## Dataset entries

-- Opening Marker --

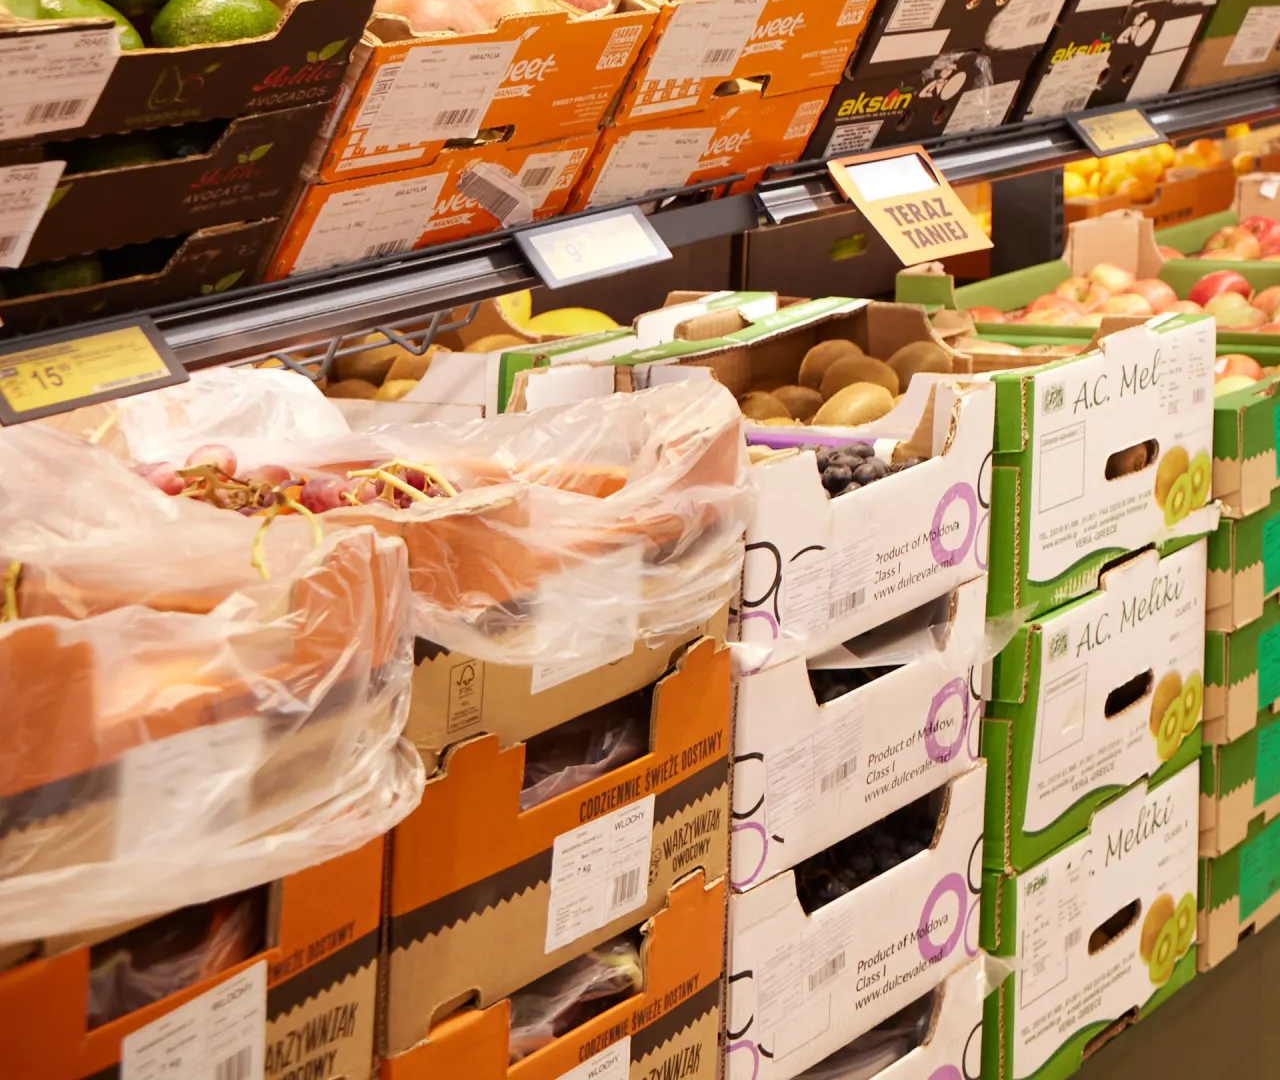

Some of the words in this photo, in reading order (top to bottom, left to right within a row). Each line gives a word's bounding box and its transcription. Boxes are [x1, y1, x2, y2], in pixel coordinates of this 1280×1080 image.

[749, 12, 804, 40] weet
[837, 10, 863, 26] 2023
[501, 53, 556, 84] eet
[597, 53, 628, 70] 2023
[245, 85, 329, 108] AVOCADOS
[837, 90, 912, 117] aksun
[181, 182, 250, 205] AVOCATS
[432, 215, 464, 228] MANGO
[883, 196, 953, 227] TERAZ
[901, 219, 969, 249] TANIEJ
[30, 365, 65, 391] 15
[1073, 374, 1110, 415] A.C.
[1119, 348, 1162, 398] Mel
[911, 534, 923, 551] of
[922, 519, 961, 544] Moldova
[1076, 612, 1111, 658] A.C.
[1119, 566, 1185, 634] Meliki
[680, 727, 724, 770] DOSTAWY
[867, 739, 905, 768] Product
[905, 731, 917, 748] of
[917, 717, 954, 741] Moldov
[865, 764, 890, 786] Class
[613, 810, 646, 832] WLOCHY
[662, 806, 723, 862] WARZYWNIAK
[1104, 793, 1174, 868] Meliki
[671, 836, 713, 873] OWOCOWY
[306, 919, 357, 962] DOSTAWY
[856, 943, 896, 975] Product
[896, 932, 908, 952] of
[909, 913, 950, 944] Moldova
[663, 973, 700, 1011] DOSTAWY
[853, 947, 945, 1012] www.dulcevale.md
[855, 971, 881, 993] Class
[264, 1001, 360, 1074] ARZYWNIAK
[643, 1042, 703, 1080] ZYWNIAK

-- Closing Marker --

## Goal of the exercise
Your task is to repeat the data above exactly while excluding the pictures.

## Solution to this problem
Some of the words in this photo, in reading order (top to bottom, left to right within a row). Each line gives a word's bounding box and its transcription. Boxes are [x1, y1, x2, y2], in pixel coordinates of this 1280×1080 image.

[749, 12, 804, 40] weet
[837, 10, 863, 26] 2023
[501, 53, 556, 84] eet
[597, 53, 628, 70] 2023
[245, 85, 329, 108] AVOCADOS
[837, 90, 912, 117] aksun
[181, 182, 250, 205] AVOCATS
[432, 215, 464, 228] MANGO
[883, 196, 953, 227] TERAZ
[901, 219, 969, 249] TANIEJ
[30, 365, 65, 391] 15
[1073, 374, 1110, 415] A.C.
[1119, 348, 1162, 398] Mel
[911, 534, 923, 551] of
[922, 519, 961, 544] Moldova
[1076, 612, 1111, 658] A.C.
[1119, 566, 1185, 634] Meliki
[680, 727, 724, 770] DOSTAWY
[867, 739, 905, 768] Product
[905, 731, 917, 748] of
[917, 717, 954, 741] Moldov
[865, 764, 890, 786] Class
[613, 810, 646, 832] WLOCHY
[662, 806, 723, 862] WARZYWNIAK
[1104, 793, 1174, 868] Meliki
[671, 836, 713, 873] OWOCOWY
[306, 919, 357, 962] DOSTAWY
[856, 943, 896, 975] Product
[896, 932, 908, 952] of
[909, 913, 950, 944] Moldova
[663, 973, 700, 1011] DOSTAWY
[853, 947, 945, 1012] www.dulcevale.md
[855, 971, 881, 993] Class
[264, 1001, 360, 1074] ARZYWNIAK
[643, 1042, 703, 1080] ZYWNIAK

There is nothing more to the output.